Bulgarian Cuisine

Bulgarian cuisine (Bulgarian: българска кухня, bylgarska kuhnja) is a representative of the cuisine of Southeastern Europe. Essentially South Slavic[citation needed][clarification needed][vague], it shares characteristics with other Balkans cuisines. Bulgarian cooking traditions are diverse because of geographical factors such as climatic conditions suitable for a variety of vegetables, herbs and fruit. Aside from the vast variety of local Bulgarian dishes, Bulgarian cuisine shares a number of dishes with the Greek, Middle Eastern, and Italian cuisines.

Bulgarian food often incorporates salads as appetizers and is also noted for the prominence of dairy products, wines and other alcoholic drinks such as rakia. The cuisine also features a variety of soups, such as the cold soup tarator, and pastries, such as the filo dough based banitsa, pita and the various types of Börek.

Main courses are very typically water-based stews, either vegetarian or with lamb, goat meat, beef, chicken or pork. Deep-frying is not common, but grilling – especially different kinds of sausages – is very prominent. Pork is common, often mixed with beef or lamb, although fish and chicken are also widely used. While most cattle are bred for milk production rather than meat, veal is popular for grilling meats appetizers (meze) and in some main courses. As a substantial exporter of lamb, Bulgaria’s own consumption is notable, especially in the spring.[1]

Similarly to other Balkan cultures the per capita consumption of yogurt (Bulgarian: кисело мляко, kiselo mlyako, lit. “sour milk”) among Bulgarians is traditionally higher than the rest of Europe. The country is notable as the historical namesake for Lactobacillus bulgaricus, a microorganism chiefly responsible for the local variety of the dairy product.[2][3] Yogurt has been cultivated and consumed as far back as 3000 BC.[4]

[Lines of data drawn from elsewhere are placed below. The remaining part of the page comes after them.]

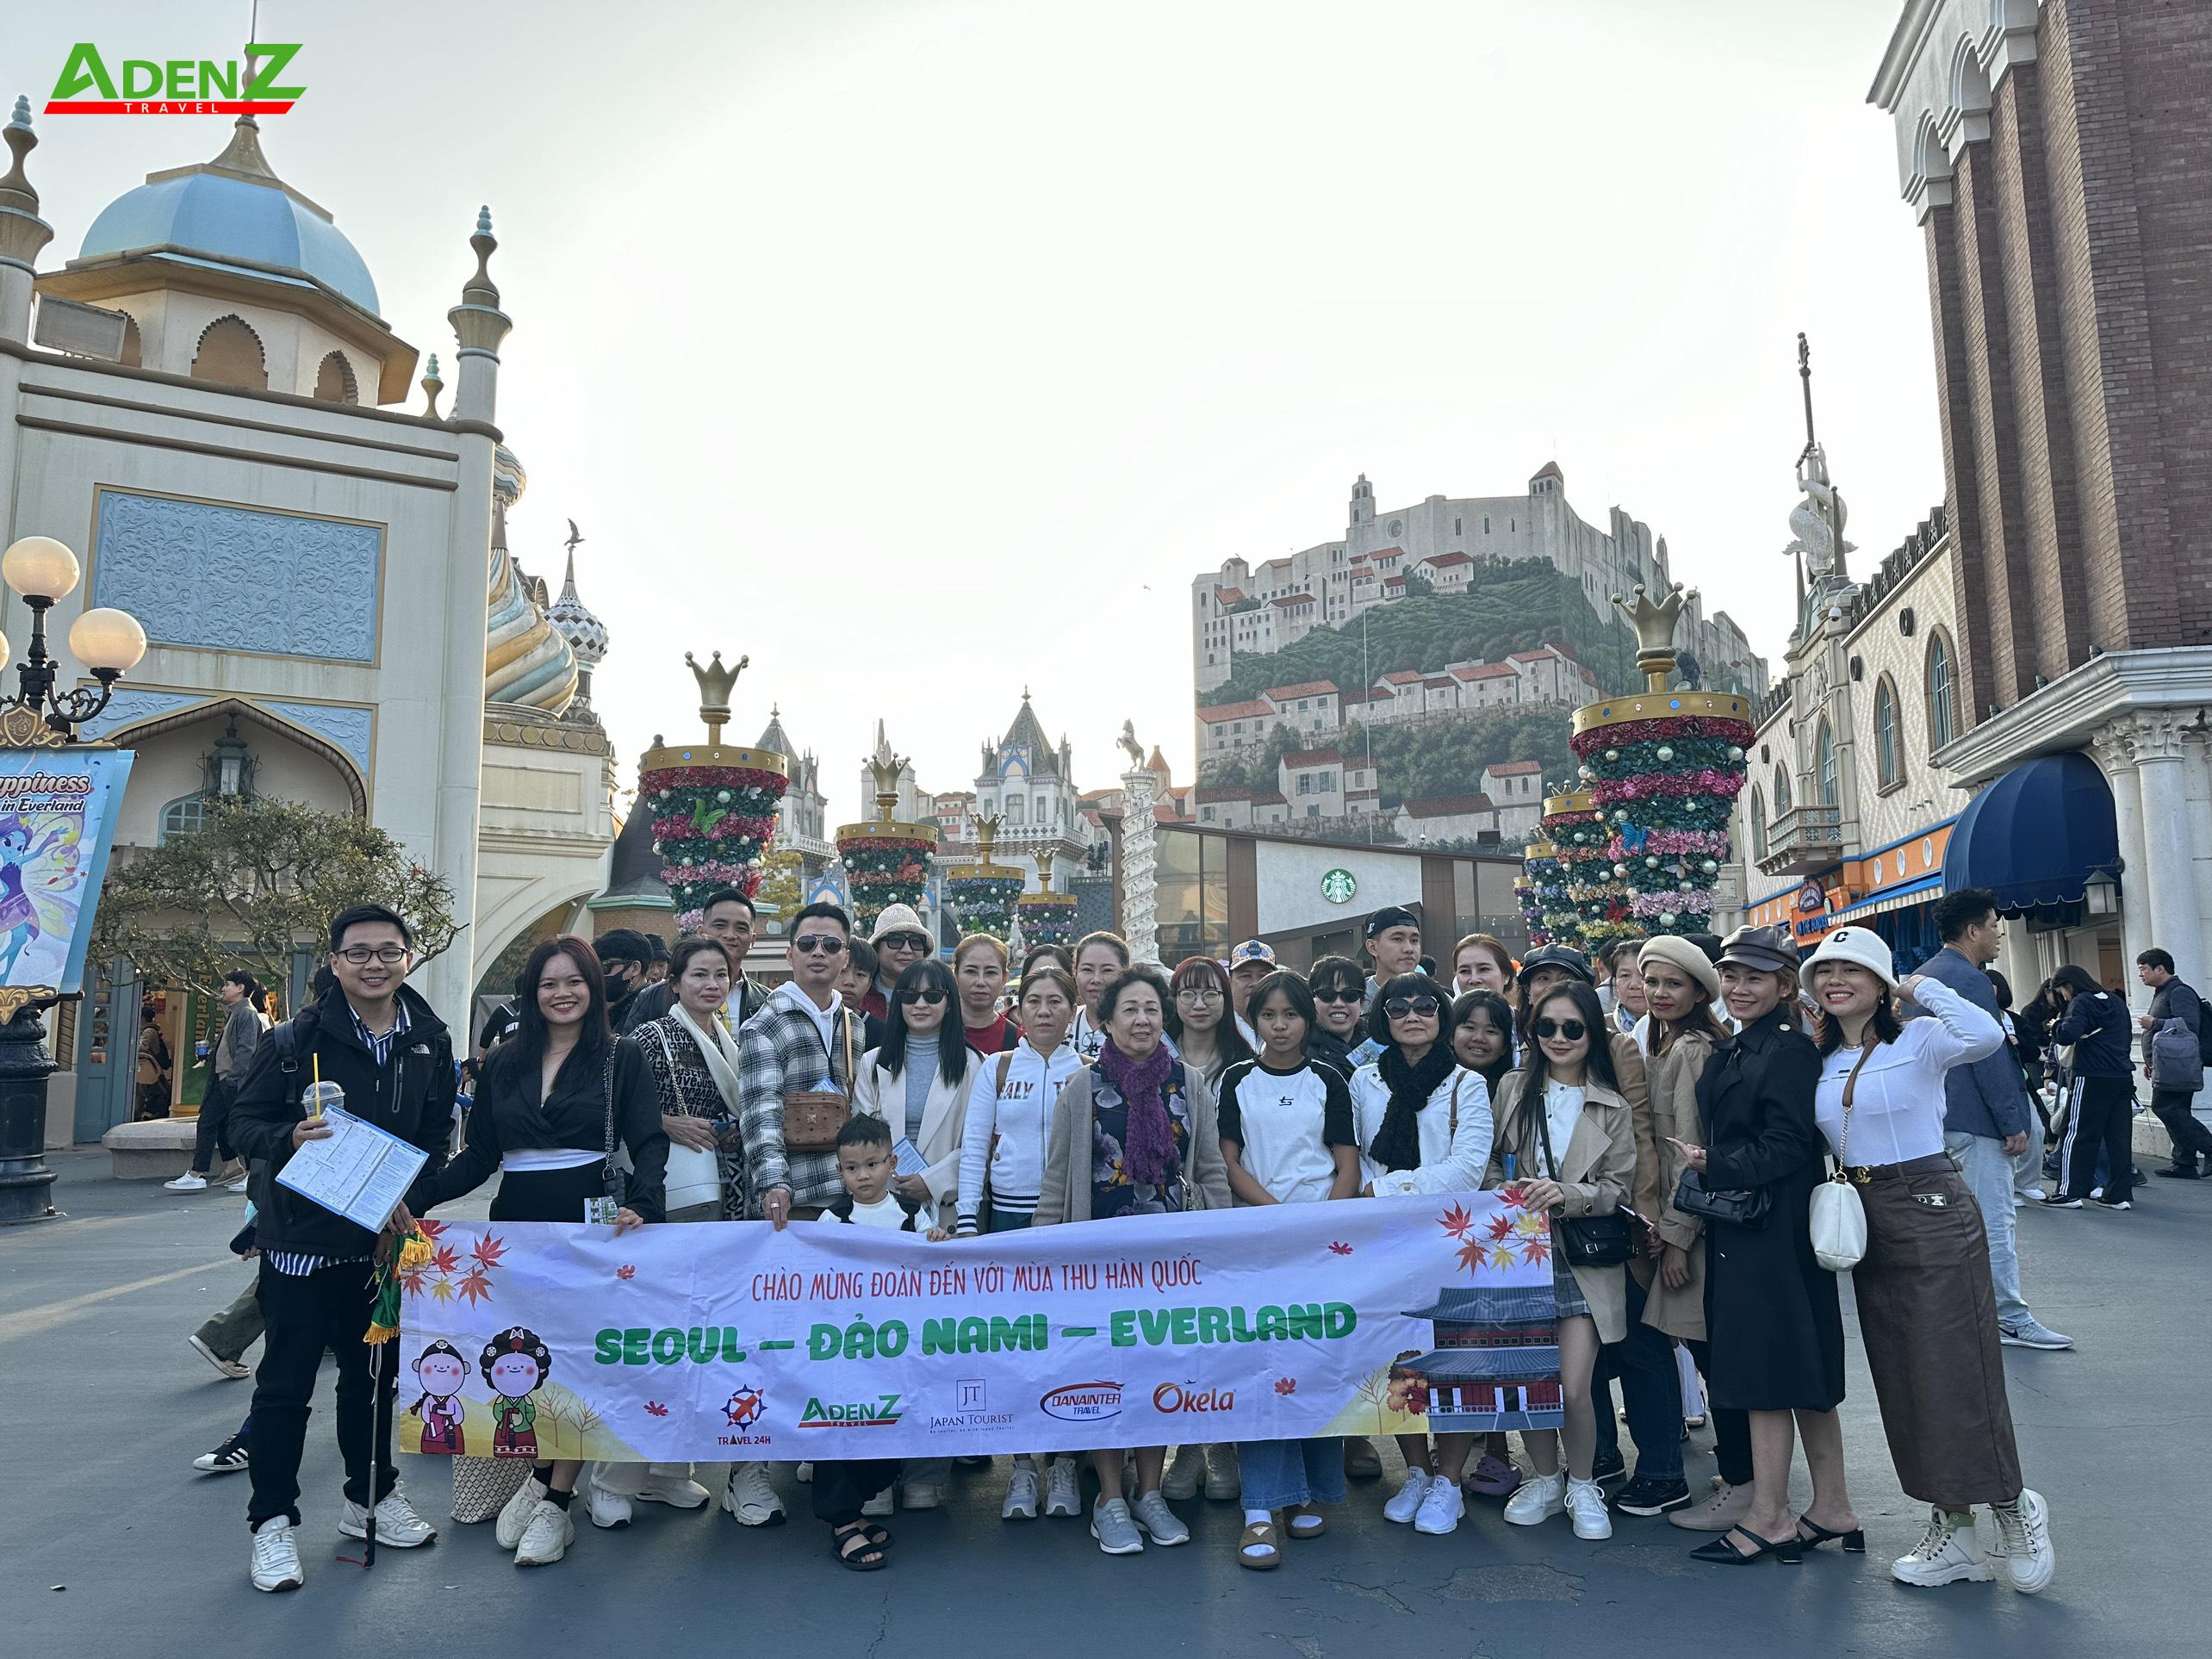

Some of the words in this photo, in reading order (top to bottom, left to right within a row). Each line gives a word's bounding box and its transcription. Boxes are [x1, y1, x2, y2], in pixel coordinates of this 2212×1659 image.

[2, 800, 15, 811] in
[17, 798, 84, 811] Everland
[1833, 931, 1849, 942] C
[752, 1267, 802, 1302] CHÀO
[810, 1267, 864, 1301] MỪNG
[871, 1264, 922, 1297] ĐOÀN
[929, 1261, 966, 1296] ĐẾN
[973, 1261, 1003, 1294] VỚI
[1013, 1261, 1053, 1292] MÙA
[1061, 1264, 1097, 1291] THU
[1105, 1258, 1144, 1289] HÀN
[1152, 1252, 1202, 1293] QUỐC
[594, 1327, 747, 1365] SEOUL
[806, 1313, 909, 1361] ĐẢO
[922, 1314, 1048, 1355] NAMI
[1110, 1302, 1358, 1347] EVERLAND
[963, 1385, 980, 1406] JT
[1052, 1394, 1121, 1407] DANAINTER
[1153, 1382, 1233, 1414] Okela
[1072, 1406, 1102, 1415] TRAVEL
[930, 1416, 964, 1429] JAPAN
[967, 1414, 1014, 1424] TOURIST
[718, 1434, 752, 1445] TRAVEL
[754, 1435, 771, 1445] 24H

Bulgarian cuisine shares a number of dishes with the Middle Eastern Cuisine as well as a limited number with the Indian, particularly Gujrat cuisine. The culinary exchange with the East started as early as 7th century AD, when traders started bringing herbs and spices to the First Bulgarian Empire from India and Persia via the Roman and later Byzantine empires.[5] This is evident from the wide popularity of dishes like moussaka, gyuvetch, kyufte and baklava, which are common in Middle Eastern cuisine today. White brine cheese called “sirene” (сирене), similar to feta, is also a popular ingredient used in salads and a variety of pastries.

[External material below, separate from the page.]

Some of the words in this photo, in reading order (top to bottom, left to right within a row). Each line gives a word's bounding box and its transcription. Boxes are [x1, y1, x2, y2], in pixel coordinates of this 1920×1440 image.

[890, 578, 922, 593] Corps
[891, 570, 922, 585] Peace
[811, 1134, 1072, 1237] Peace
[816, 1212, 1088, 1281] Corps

Holidays are often observed in conjecture with certain meals. On Christmas Eve, for instance, tradition requires vegetarian stuffed peppers and cabbage leaf sarmi, New Year’s Eve usually involves cabbage dishes, Nikulden (Day of St. Nicholas, December 6) fish (usually carp), while Gergyovden (Day of St. George, May 6) is typically celebrated with roast lamb.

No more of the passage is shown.